Они отошли от берега и сели на выступающие корни деревьев. В этом молчании ему вдруг припомнилась красота ее глаз, иногда их наполнял свет, — он, как весна, сулил чудесные надежды. И Беркин медленно, преодолевая внутреннее сопротивление, произнес:
— В тебе есть золотой свет, и я хочу, чтобы ты поделилась им со мной. — Его слова прозвучали так, словно он давно их обдумал.
Она изумилась и, казалось, отдалилась от него. Но сказанное было приятно.
— Что за свет? — спросила она.
Но он почувствовал робость и больше ничего не прибавил. Момент был упущен. К Урсуле подкралась печаль.
— Моя жизнь не состоялась, — заявила она.
— А-а, — отозвался он коротко, не желая это слушать.
— Такое чувство, будто никто меня никогда не любил, — продолжала она.
Он молчал.
— Ты, наверное, думаешь, — медленно произнесла она, — что я имею в виду физическую сторону любви? Это не так. Я хочу духовной близости с тобой.
— Понимаю. Тебя не устроит одна физическая близость. Я же хочу, чтобы ты передала мне свой дух — этот золотой свет, настоящую себя, какую ты не знаешь, дай мне этот свет…

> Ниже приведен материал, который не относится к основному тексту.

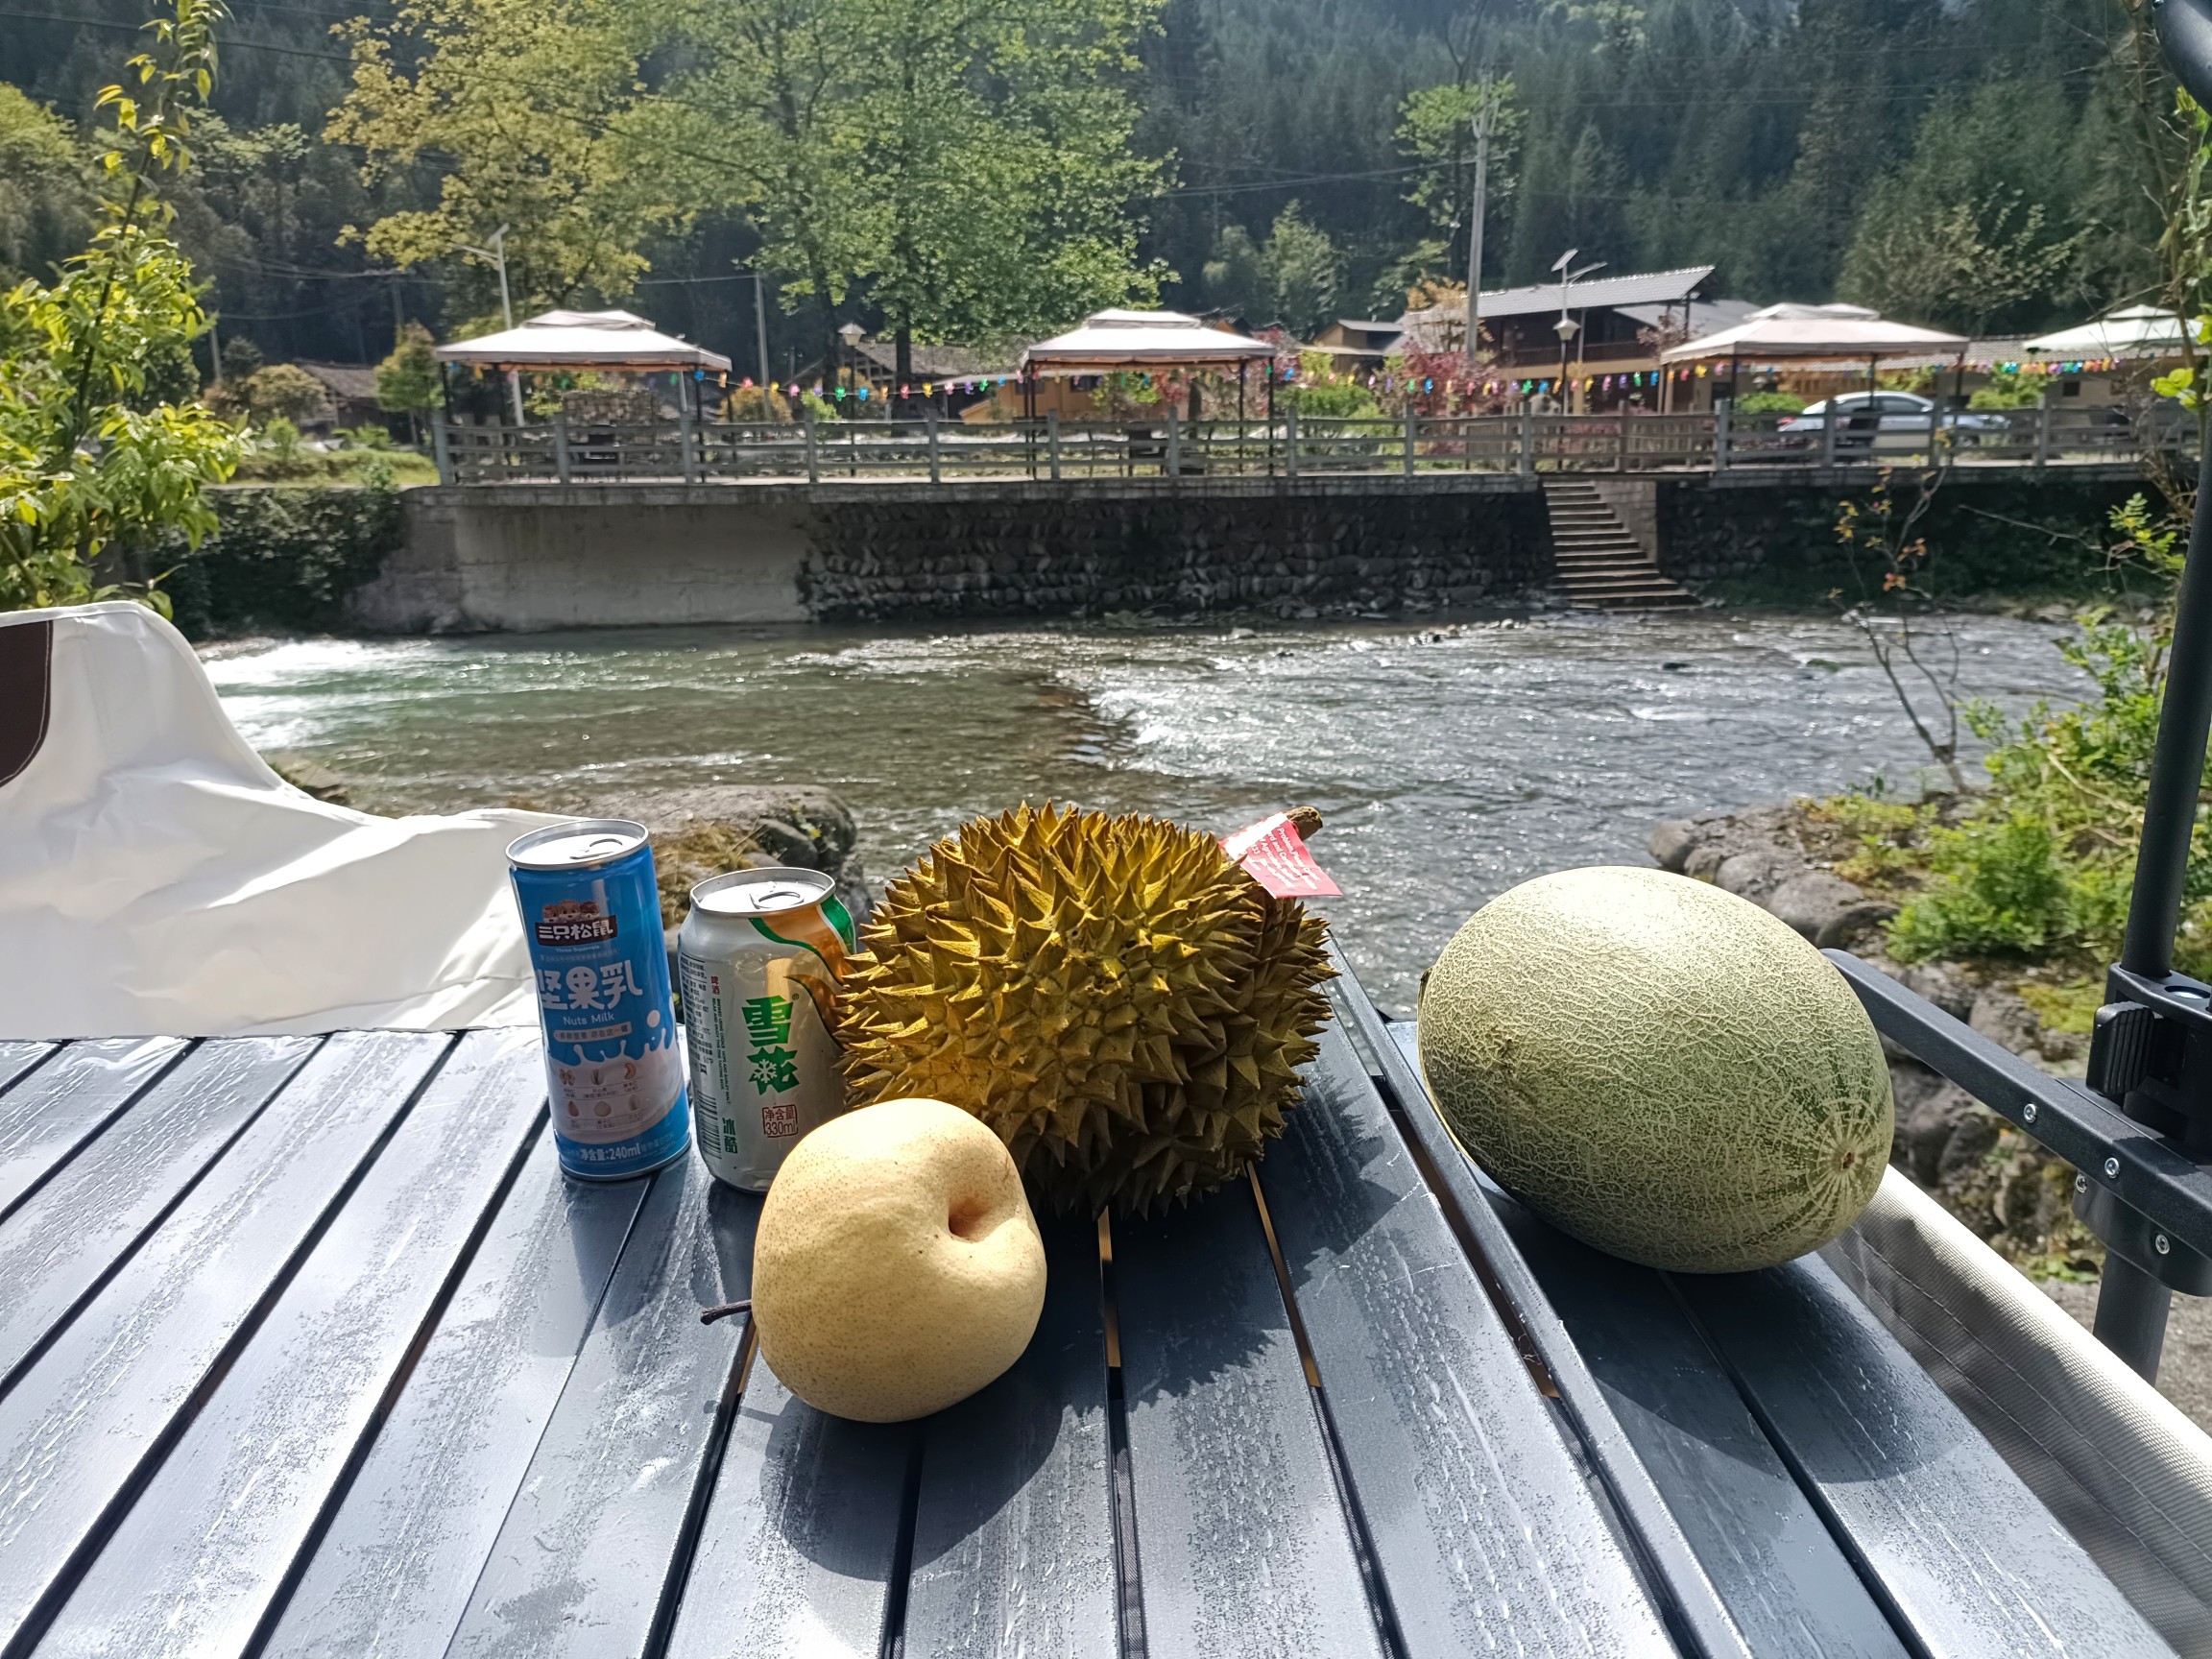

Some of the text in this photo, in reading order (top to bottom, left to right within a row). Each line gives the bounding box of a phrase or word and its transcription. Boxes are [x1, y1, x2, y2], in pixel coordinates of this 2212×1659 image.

[539, 920, 613, 940] 三只松鼠
[537, 959, 643, 1010] 坚果乳
[563, 1011, 614, 1025] Nuts Milk
[741, 995, 800, 1095] 雪花
[764, 1106, 795, 1121] 净含量
[722, 1118, 738, 1154] 冰酷
[765, 1119, 796, 1136] 330ml
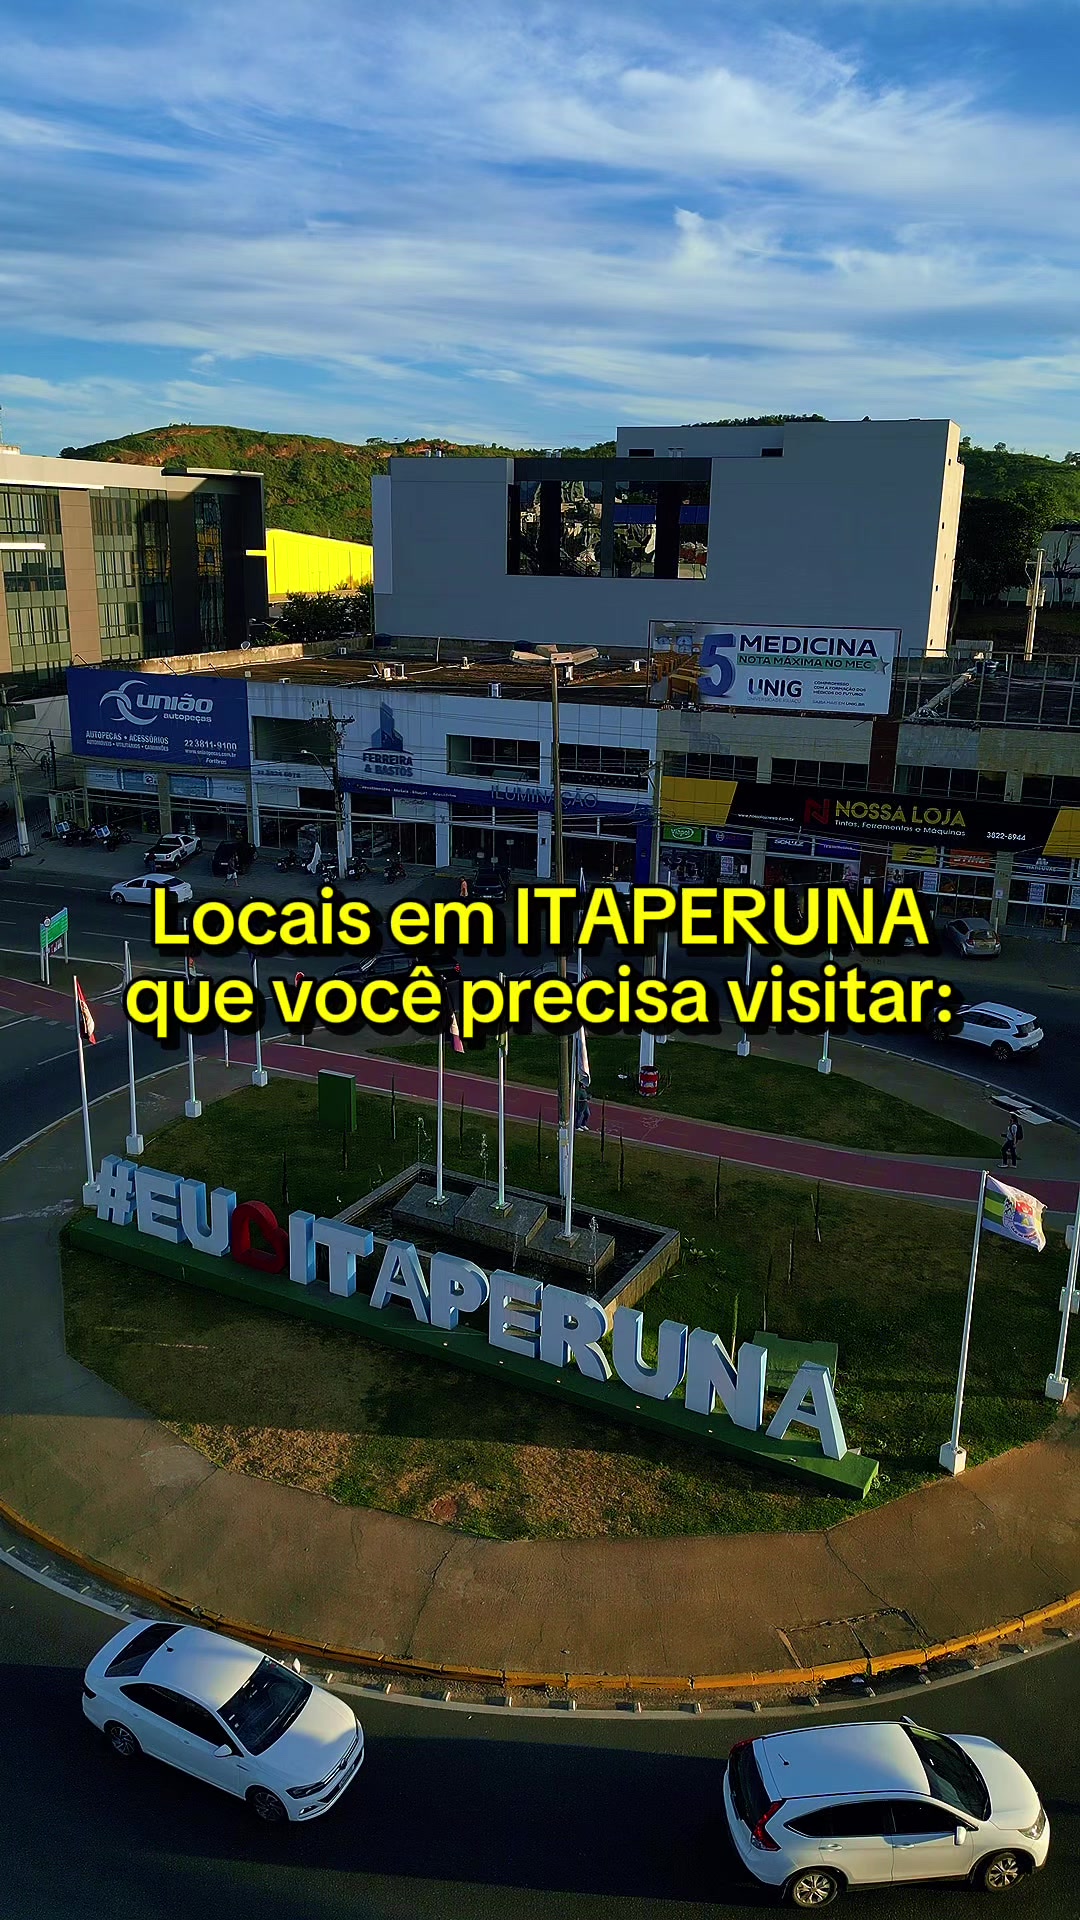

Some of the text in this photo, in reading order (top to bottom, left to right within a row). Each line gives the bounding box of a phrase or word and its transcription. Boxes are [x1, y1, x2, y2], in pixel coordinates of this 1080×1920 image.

[739, 634, 878, 657] MEDICINA
[698, 633, 736, 698] 5
[739, 655, 872, 672] NOTA MÁXIMA NO MEC
[748, 678, 803, 697] UNIG
[136, 692, 214, 713] união
[163, 713, 212, 724] autopeças
[129, 734, 168, 745] ACESSÓRIOS
[362, 752, 414, 766] FERREIRA
[364, 764, 414, 777] & BASTOS
[835, 800, 967, 828] NOSSA LOJA
[923, 826, 966, 837] Máquinas
[95, 1154, 847, 1462] #EU ITAPERUNA

Немного помолчав, Урсула ответила:
— Как это возможно? Ведь ты не любишь меня! Ты думаешь только о себе. Ты не хочешь помочь мне, однако хочешь, чтобы я помогла тебе. Весьма эгоистично.
Разговор требовал больших усилий со стороны Беркина, особенно тяжело ему было настаивать на том, чтобы она отказалась от себя.
— Тут другое, — сказал он. — Я помогаю тебе иначе, не через тебя, а каким-то другим образом. Мне хочется, чтобы мы были вместе и каждый позабыл о себе, чтобы мы были по-настоящему вместе, а это значит, что мы иначе просто не можем и нам не нужно удерживать друг друга.
— Нет, — не согласилась Урсула, немного подумав. — Ты эгоцентричен. Ты никогда не проявлял активности, никогда не сходил по мне с ума. На самом деле ты думаешь только о себе и своих делах. А я нужна тебе только для твоего удобства.